Located on the shore of Silver Lake, North of Waterloo's downtown core, sits Perimeter Institute.

The design is inspired by theoretical physics - information rich and complex in concepts. A large pool to the north of the institute reflects the cantilevered, three-storey series of zinc-and-glass offices. The anodize aluminium south façade contains an abstract pattern of punched windows and polished stainless-steel mechanical grills, reflecting the enigmatic subject of physics. The layout is arranged around two central spaces, the main hall and garden. The main hall provides direct access to all programs, with vertical circulation from the concrete staircases descending along one side of the atrium. Wooden ceilings of lounge spaces contrast the glass and concrete materiality of the atrium.

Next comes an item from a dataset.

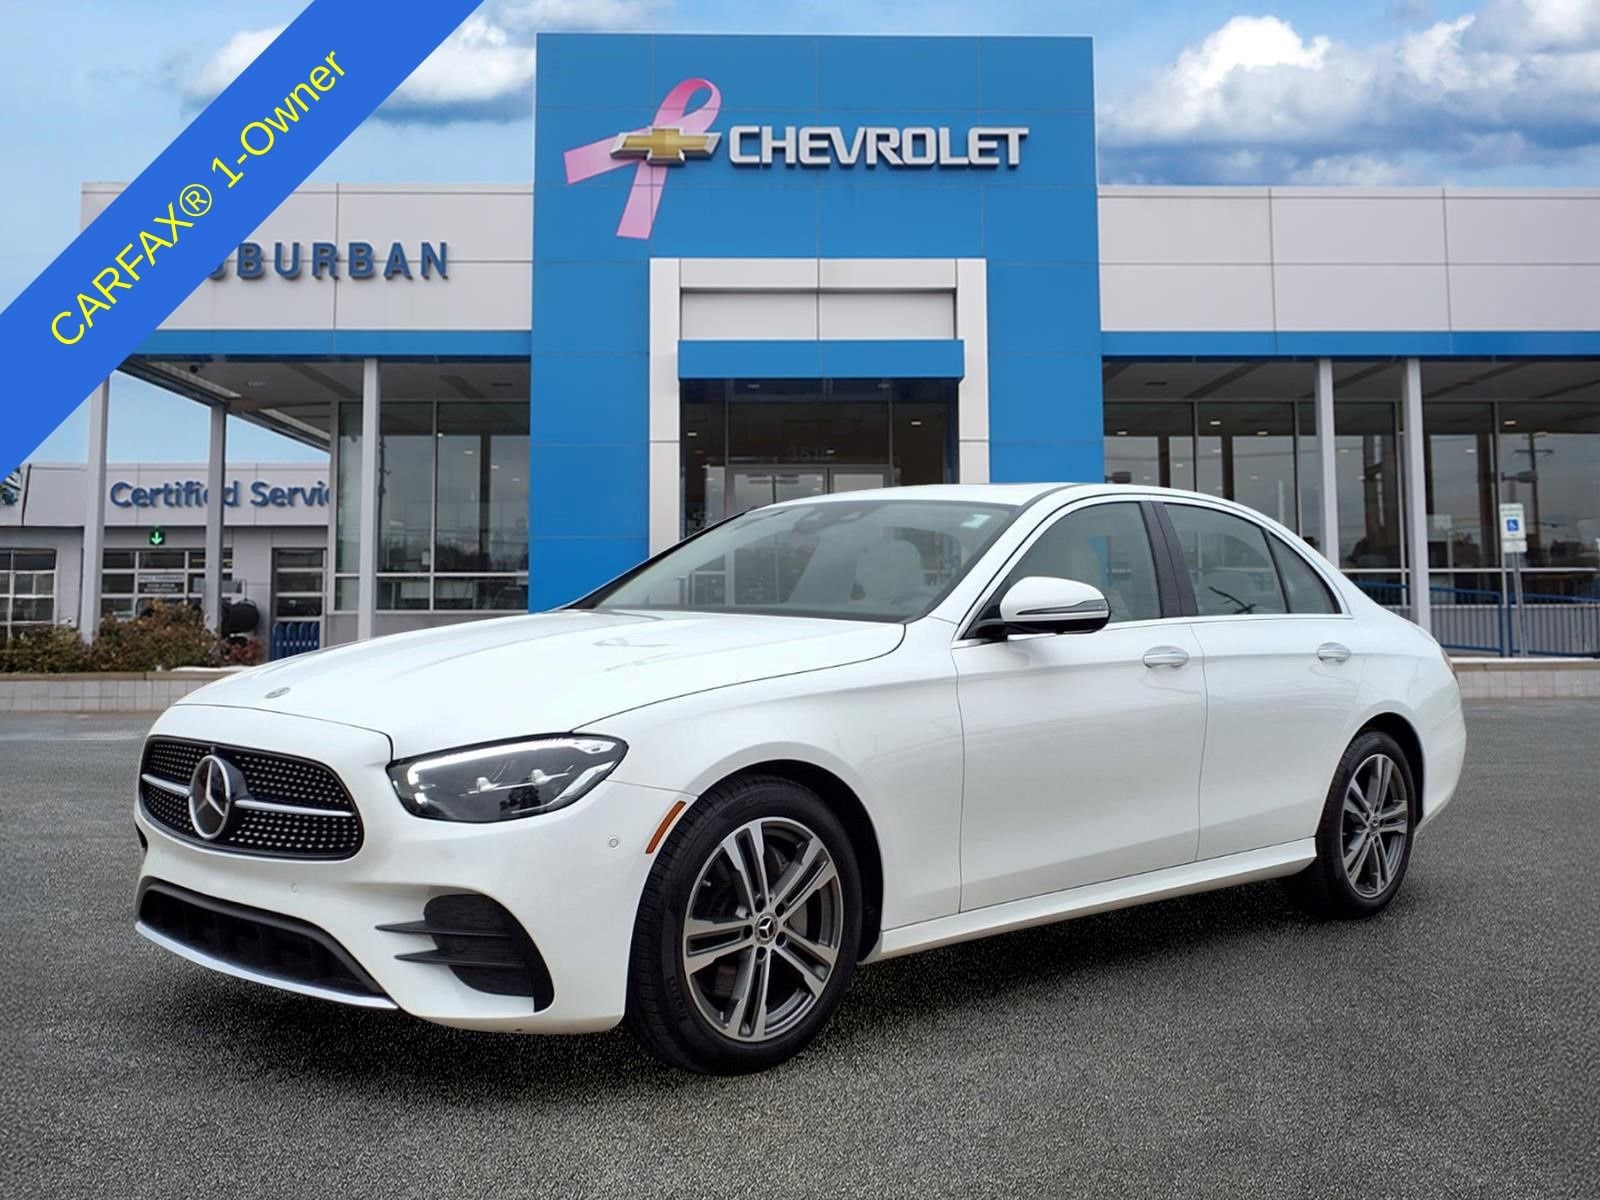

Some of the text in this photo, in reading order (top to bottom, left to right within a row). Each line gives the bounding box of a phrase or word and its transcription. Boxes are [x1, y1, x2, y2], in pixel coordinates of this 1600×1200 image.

=== Communication, Culture, Information and Technology Building, University of Toronto at Mississauga (CCIT Building) ===
2004, Mississauga, Canada

At the edge of the university's campus, enclosed by a park and a courtyard garden, sits the CCIT building. The building is a place of occupancy, adjacency, and transition, as it creates a linear public circulation space between the Student Centre and the Library.

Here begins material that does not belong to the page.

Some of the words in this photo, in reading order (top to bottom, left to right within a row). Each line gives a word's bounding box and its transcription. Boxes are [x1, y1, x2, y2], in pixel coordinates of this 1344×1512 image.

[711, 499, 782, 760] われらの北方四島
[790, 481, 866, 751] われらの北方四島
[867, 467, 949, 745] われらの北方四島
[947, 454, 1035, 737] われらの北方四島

The concept was to bring the natural landscape through the building, into the courtyard garden, and through to the campus. The fully transparent glazed façade diminishes the line between the interior and exterior. Conceptual strands of landscape are vertically woven throughout the structure, connecting students and spaces together through bridges, ramps, platforms, and staircases. The building provides open and interactive spaces for its occupants, classrooms, and the outside environment.

=== Jardin des Premières Nations (First Nations Garden-Pavilion) ===
2001, Montreal, Canada

Within the Montreal Botanical Garden, this outdoor pavilion, built along the primary garden passageway, was built in commemoration of the Great Peace of Montreal of 1701.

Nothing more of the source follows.